A new study says that a complicated parenting household has a high chance of leading to a future generation of alcohol abuse within the family.
The study was conducted and published in Molecular Psychiatry, which finds a potentially damaging result for the upbringing of children who live in households where parents have a toxic relationship.
According to Jessica Salvatore, an associate professor and director of the Genes, Environments and Neurodevelopment in Addictions Program at the Robert Wood Johnson Medical School at Rutgers University, this study falls align with previous research on this particular issue.
“Previous research has shown that genes that predispose people to alcohol use disorder also predispose them to experience more conflict in their close romantic relationships,” says first author Jessica Salvatore. “Based on this, we hypothesized that children who are exposed to divorce or parental relationship discord also inherit a genetic predisposition toward alcohol problems—and that experiencing these family adversities might be one pathway through which genetic risk for alcohol problems is passed from parents to their children.”

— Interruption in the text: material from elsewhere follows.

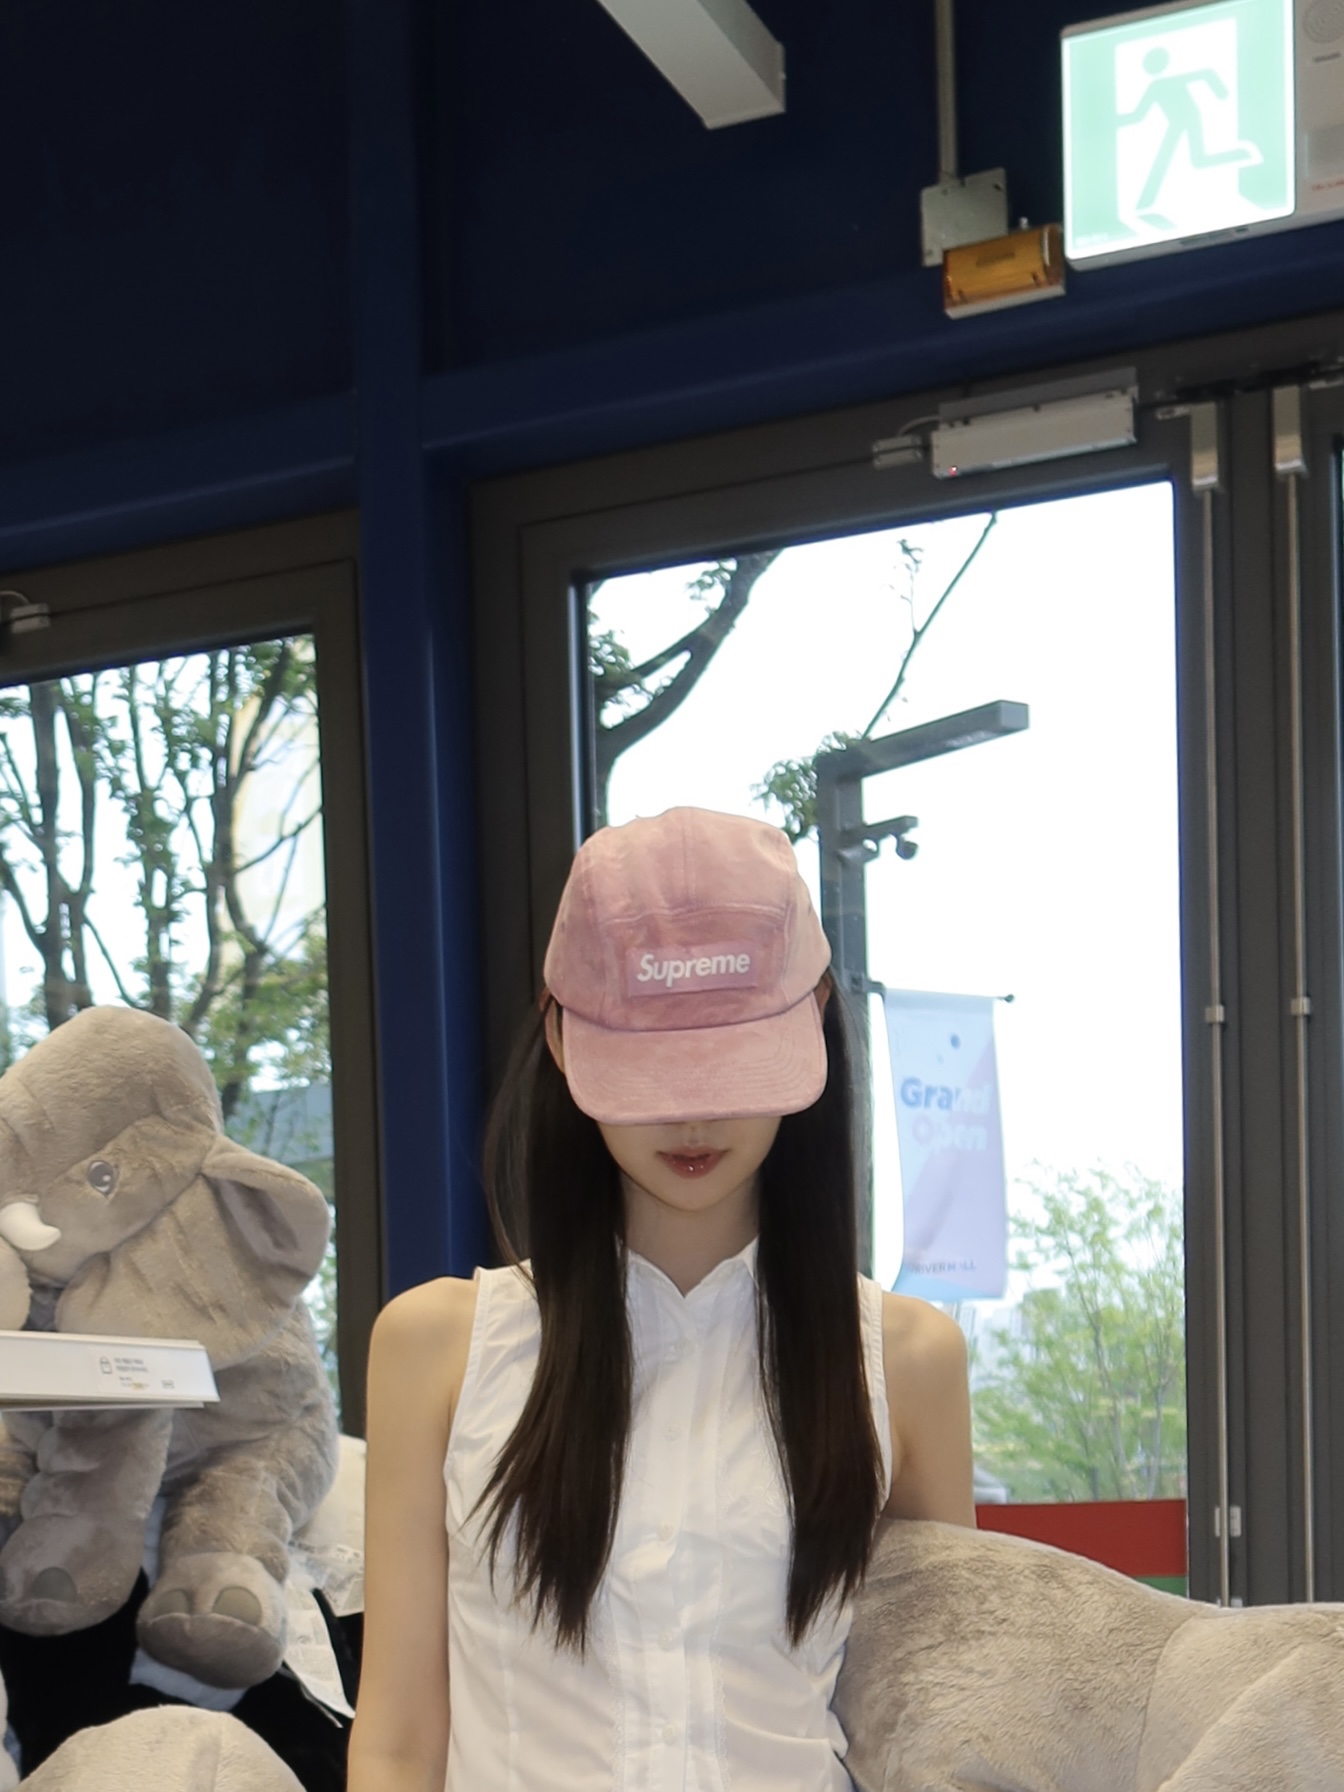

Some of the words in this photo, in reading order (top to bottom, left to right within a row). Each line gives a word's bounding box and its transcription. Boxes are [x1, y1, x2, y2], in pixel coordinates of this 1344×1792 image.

[636, 952, 751, 988] Supreme
[900, 1077, 992, 1115] Grand
[912, 1115, 988, 1155] Open

Salvatore says that parents with alcohol problems have a higher probability of going through a divorce at some point in their marriage, which unfortunately could play a pivotal role in seeing potential disorder symptoms in their children once they reach adult age.
“What we found is that parents with more alleles for alcohol problems were also more likely to divorce or experience relationship discord, which in turn was associated with greater alcohol use disorder symptoms in their adult children,” Salvatore says.
As parents are aware of, there's nothing more crucial to a kid's development growing up than the environment they are raised in, which is established by the household parents.
Associate professor Jessica Salvatore added the following on the matter of family adversities in this particular issue:
“Genes can shape our environment: Parents’ genes contribute to the types of environment that they create for us. Thus, one of the ways that genetic inheritance works is through our home environment. And these family adversities can turn the dial on our risk of experiencing alcohol use disorder symptoms later on. In other words, it’s not ‘nature’ or ‘nurture,’ but rather nature [genes] contributing to nurture [family experiences].”